いじわるな見方をするなら、“答え” を提示せずに逃げたとも言える。けれど、必ずしも “答え” を出す必要はなく、見つからないなら探し続ければいいんだという、新たな価値観を示してくれた。
■サムく見えたりイタく見えたりしたら作品は失敗
ラブコメでも最終話はけっこうシリアス展開になる作品は多いが、本作は最終話後半が今までで一番ドタバタ&わちゃわちゃしていたように思う。
最適なかたちを模索していくなかで、「偽大奥」や「偽大家族」のほかにも、「偽修学旅行」「偽リゾートバイト」「偽日本代表」なども試すのだが、このあたりはもはやバラエティ番組のコントの域。いい意味で最終話らしい重苦しさや湿っぽさはなかった。
それこそがこのドラマの “らしさ” だが、西園寺を演じたのが松本若菜でなければ、クライマックスのドタバタ&わちゃわちゃ感は、寒々しくなったり痛々しくなったりした可能性もなきにしもあらず。
西園寺は昔風に言うなら「バリキャリ」、今風に言うなら「しごでき」のキャラなので、目鼻立ちがはっきりとした正統派美人の松本はビジュアル面でハマッていて、説得力があった。
その一方、西園寺は何事にも一生懸命ゆえに、空回りしたり失敗したりも多々あるので、けっこうダサいことをしでかす役どころ。それらのシーンがコミカルなおもしろ要素でもあるので、ダサく見えること自体は問題ない。

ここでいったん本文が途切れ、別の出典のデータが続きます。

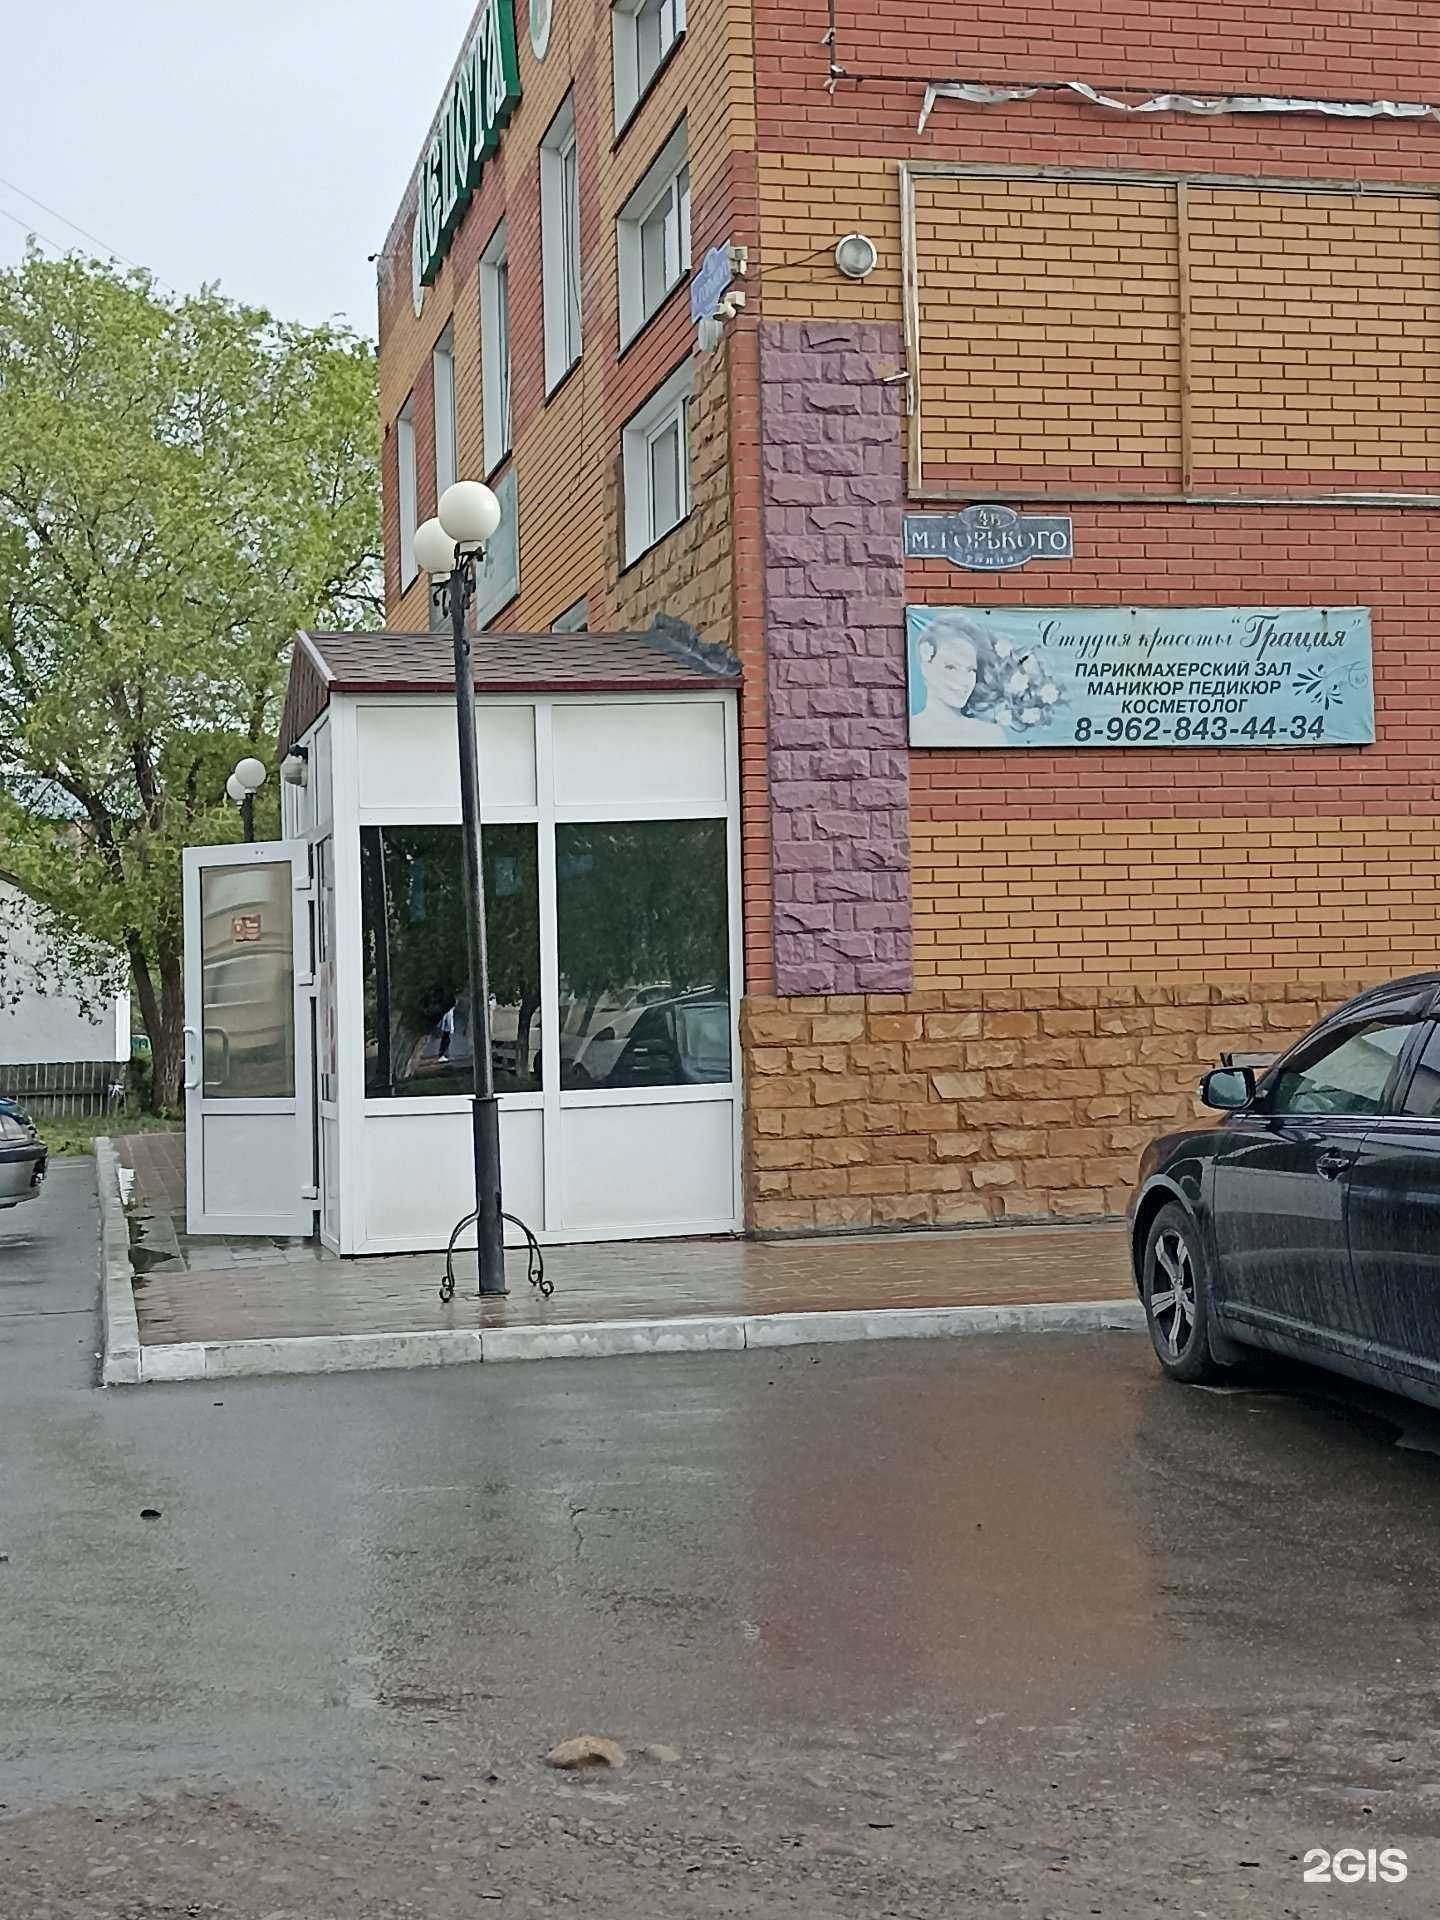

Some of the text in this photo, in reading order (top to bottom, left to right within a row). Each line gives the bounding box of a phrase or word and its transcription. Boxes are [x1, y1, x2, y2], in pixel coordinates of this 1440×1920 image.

[1038, 620, 1131, 659] Студия
[1138, 627, 1232, 658] красоты
[1075, 661, 1292, 677] ПАРИКМАХЕРСКИЙ ЗАЛ
[1087, 680, 1282, 697] МАНИКЮР ПЕДИКЮР
[1121, 698, 1248, 714] КОСМЕТОЛОГ
[1074, 715, 1325, 742] 8-962-843-44-34
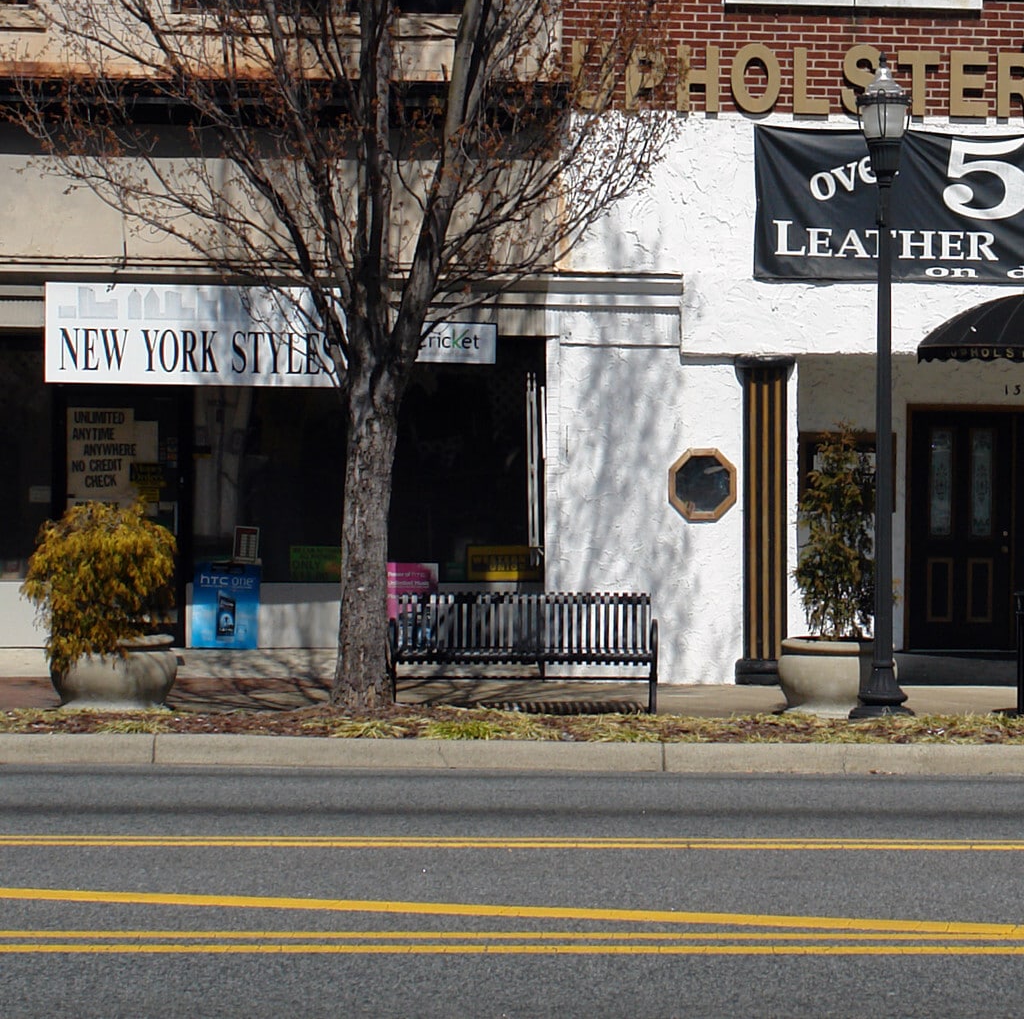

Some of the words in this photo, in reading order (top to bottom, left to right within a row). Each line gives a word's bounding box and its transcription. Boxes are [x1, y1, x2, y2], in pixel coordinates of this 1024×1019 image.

[809, 154, 900, 201] ove
[924, 265, 979, 278] on
[59, 327, 129, 371] NEW
[141, 330, 219, 374] YORK
[231, 331, 337, 376] STYLES
[73, 411, 125, 425] UNLIMITED
[72, 427, 115, 441] ANYTIME
[83, 443, 137, 457] ANYWHERE
[72, 460, 86, 473] NO
[89, 458, 122, 472] CREDIT
[85, 475, 118, 488] CHECK
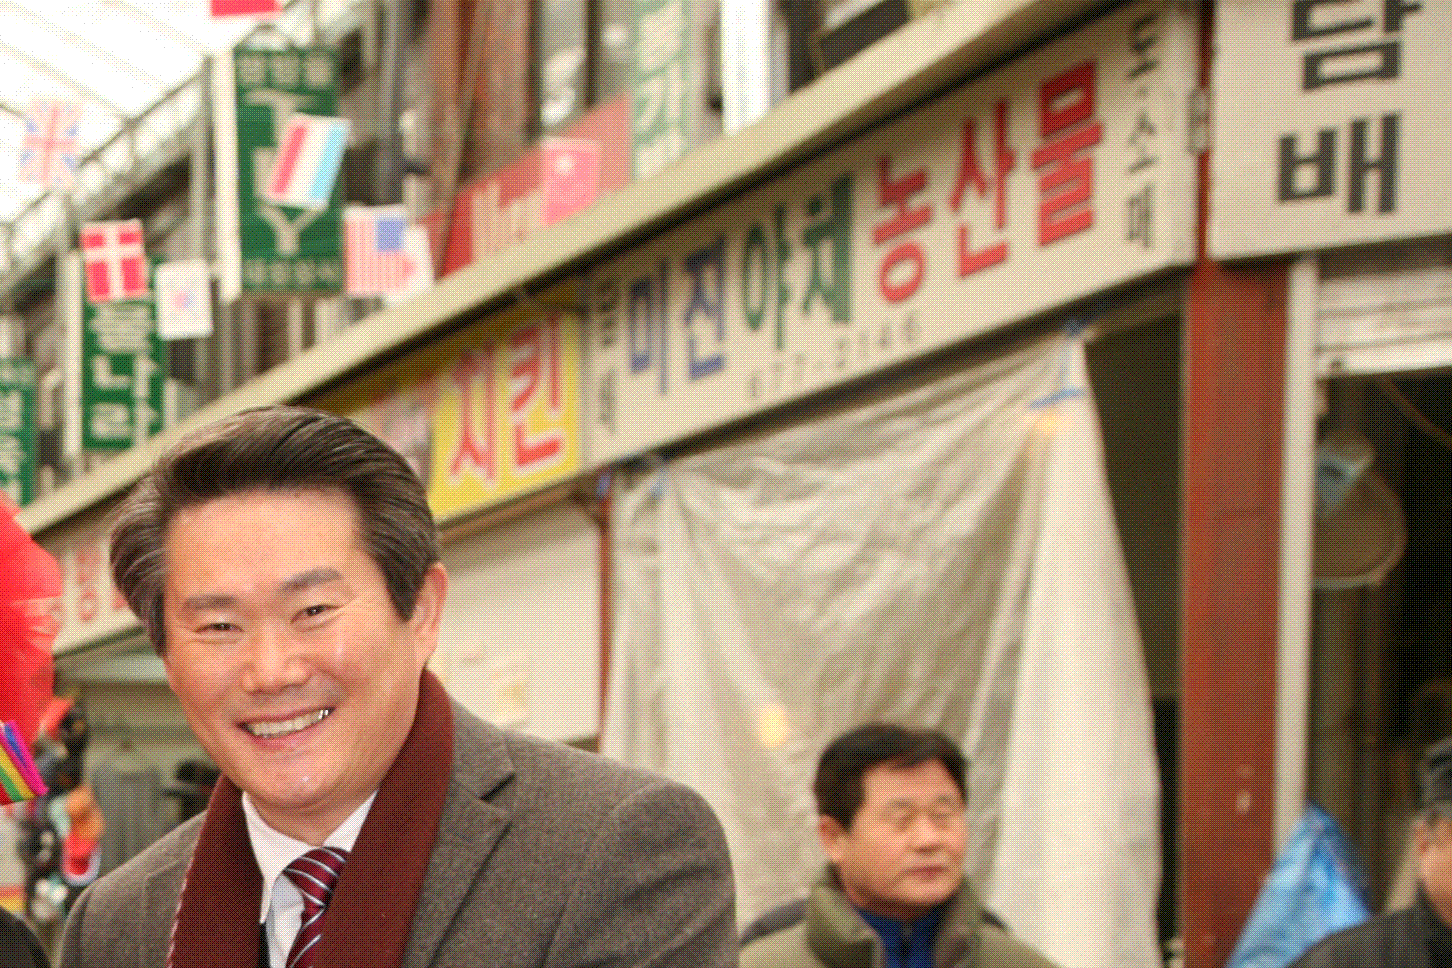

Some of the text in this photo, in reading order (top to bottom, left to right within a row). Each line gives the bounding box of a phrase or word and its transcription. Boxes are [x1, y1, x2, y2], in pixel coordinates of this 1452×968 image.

[627, 232, 728, 395] 미진
[742, 177, 852, 350] 야채
[873, 60, 1105, 305] 농산물
[1276, 0, 1423, 214] 담배
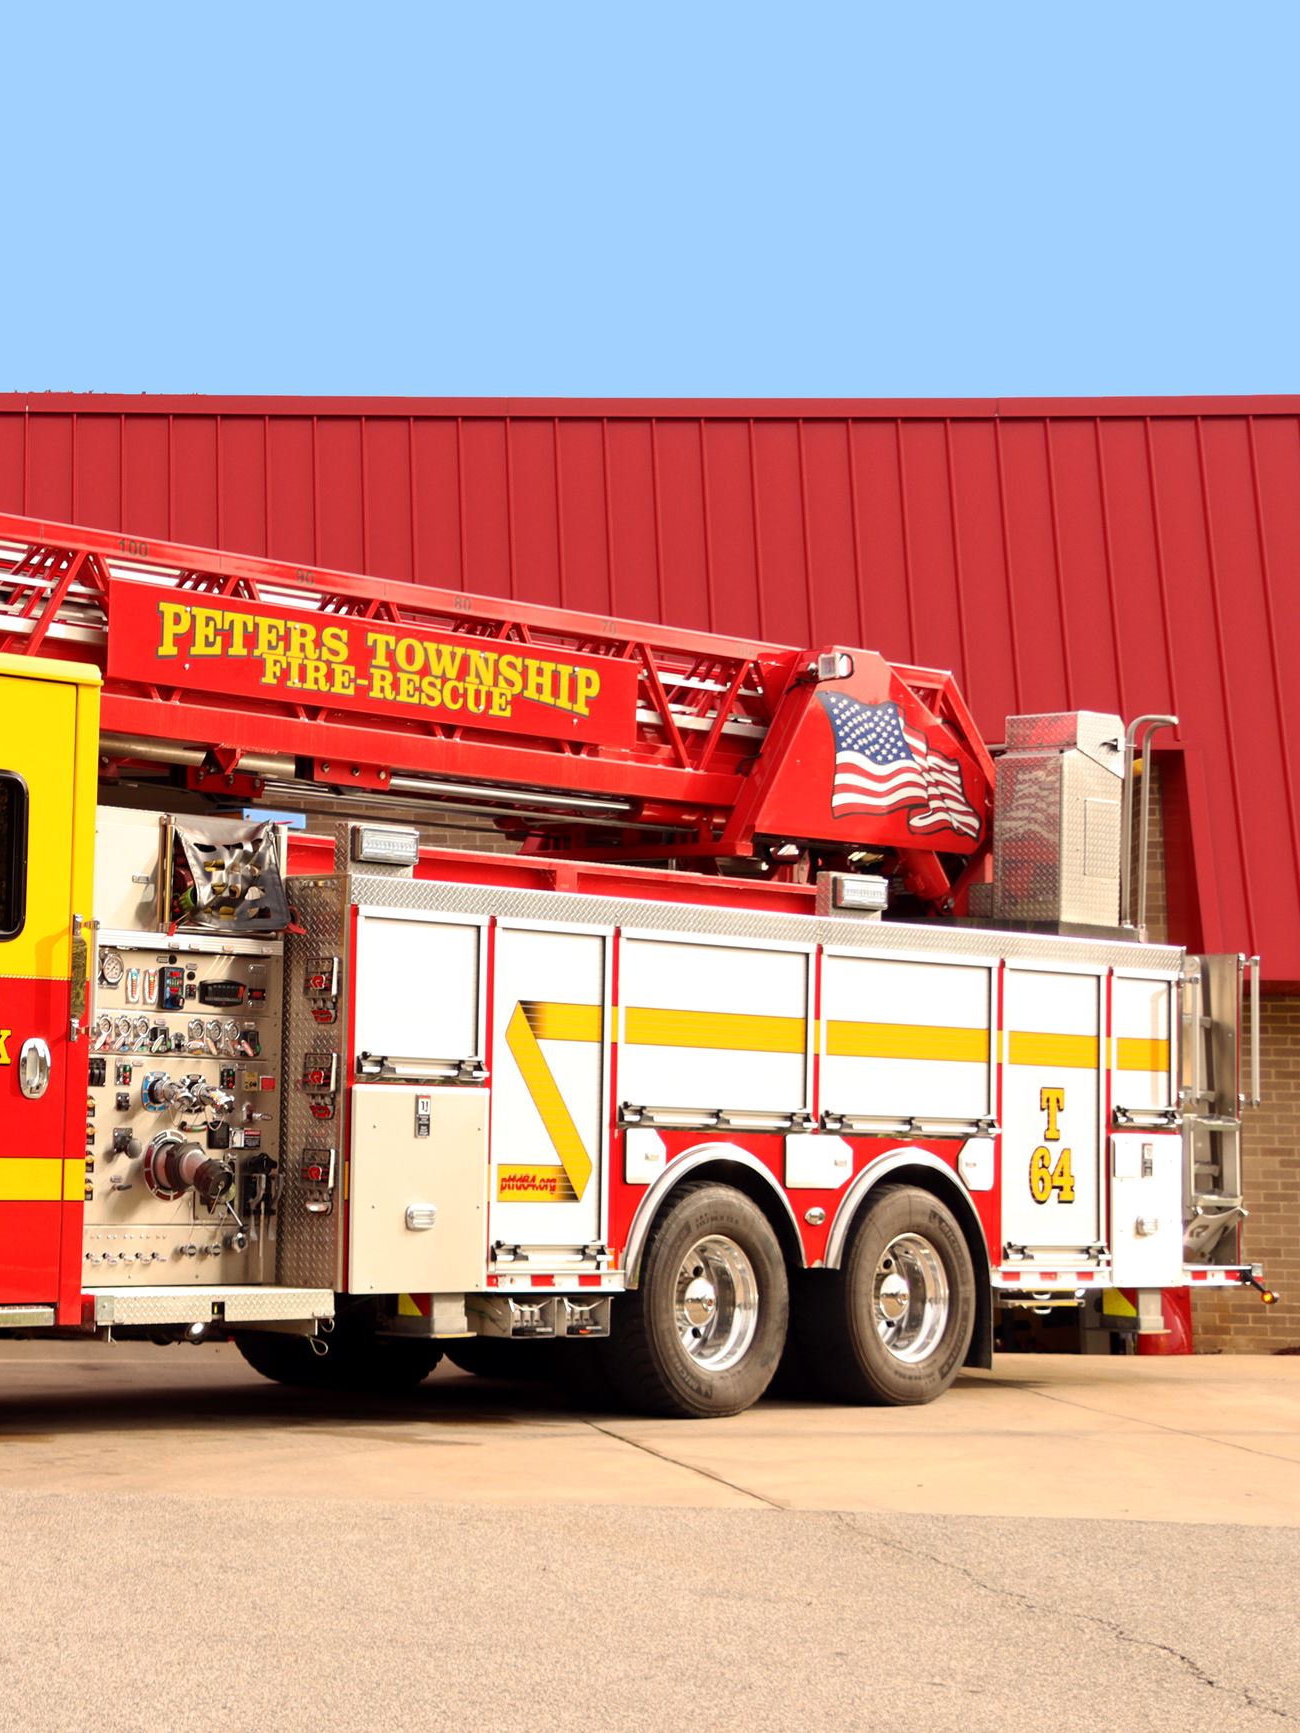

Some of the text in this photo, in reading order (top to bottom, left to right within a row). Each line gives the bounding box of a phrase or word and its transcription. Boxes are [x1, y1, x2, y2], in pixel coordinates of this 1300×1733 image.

しかし、主人公のダサい姿が、視聴者からサムく見えたりイタく見えたりしては作品として失敗なので、かわいらしく見えなくてはいけないわけだ。
アラフォーで「しごでき」キャラが似合う女優はたくさんいるし、ダサい姿をキュートに見せられる女優もたくさんいるが、その要素をあわせ持つ女優はほとんどいない。そんななか松本は、どちらの要素も高いレベルで体現し、両立して見せたのである。
■『逃げ恥』の新垣結衣なみに松本若菜がハマッていた
ドラマは脚本が最重要ということはよく言われる。とはいえ、いくら脚本が優れていても、主人公を演じる役者がハマッていなければヒットはしない。
TBS「火曜ドラマ」の最大のヒット作は、2016年の『逃げるは恥だが役に立つ』だろう。『逃げ恥』は原作漫画や脚本がおもしろかったのは間違いないが、主演した新垣結衣が主人公のキャラにあそこまでハマッていなければ、社会現象化するほどのヒット作にはなっていなかっただろう。
『西園寺さんは家事をしない』も同じ。主演が松本若菜でなくてもそこそこおもしろかっただろうが、ここまで多くの視聴者に愛される作品にはなっていなかった気がするのだ。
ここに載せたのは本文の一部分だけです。